MHCPC recently sought its own solution by contacting Merritt, Hawkins and Associates, an Atlanta-based headhunting firm that, for a substantial fee, aids communities in their efforts to fill healthcare vacancies.
Since 2001 the company has helped five cities in the Northwest fill psychiatric positions, the only drawback being the price.
The company requires $3,000 up front. Then there are payments for the headhunters’ time, which range between $60 and $120 hourly. When a doctor is found and signs a contract, the company gets a $12,000 bonus.
And these are just the standard fees paid to Merritt, Hawkins.
The company also insists that clients pay travel expenses for their recruits, charges $1.95 for every recruitment letter the company sends out, and gets bonuses upwards of $5,000 for finding doctors quickly.
That may be too expensive for many hospitals and private practices, which is why MHCPC is urging local parties (St. Pat’s, Montana Neurobehavioral, etc.) to work together. MHCPC reasons that the benefits for each party would more than make up for immediate monetary losses. An example would be that a psychiatrist working at Montana Neurobehavioral could do on-call at St. Pat’s.
In the meantime, patients are getting by, or not, as best they can.
Morehead recently received an e-mail from Missoula-based Winds of Change Mental Health Center saying they had found a psychiatrist in Helena willing to come to Missoula two days a week. The problem with this is a Helena-based doctor would not be readily available if one of his patients were to have a crisis in the middle of the night.
“I know a doctor in Portland [Ore.] who someone once told me was really good, and I’m considering that as an option,” Morehead says.

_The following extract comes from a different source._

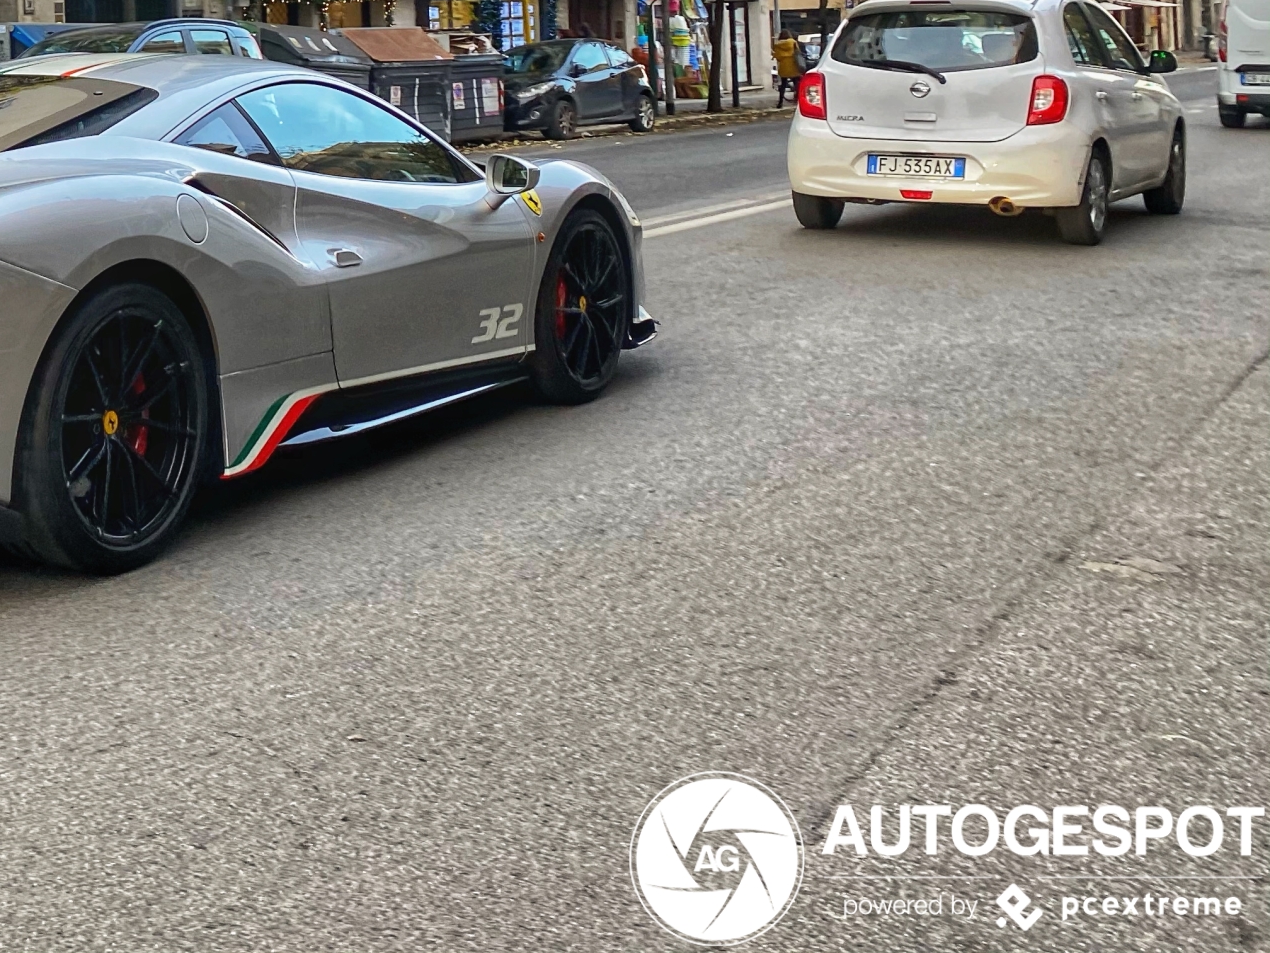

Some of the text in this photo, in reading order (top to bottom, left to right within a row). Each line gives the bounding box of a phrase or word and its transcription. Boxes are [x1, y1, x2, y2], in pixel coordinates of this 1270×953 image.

[879, 157, 898, 172] FJ
[903, 158, 953, 175] 535AX
[471, 302, 524, 344] 32

After the Missoulian published Geri Stewart’s letter, she was contacted by a local doctor willing to at least meet and discuss future treatment. Stewart says she is hesitant at the prospect of starting over with a new doctor.
Orendaín says her daughter is doing well for the time being, but says that isn’t much comfort.
As for Hoell’s other former patients, no one can be sure if they’re getting help. For them, and for any other Missoulians who develop a need for psychiatric services, the doctor is out.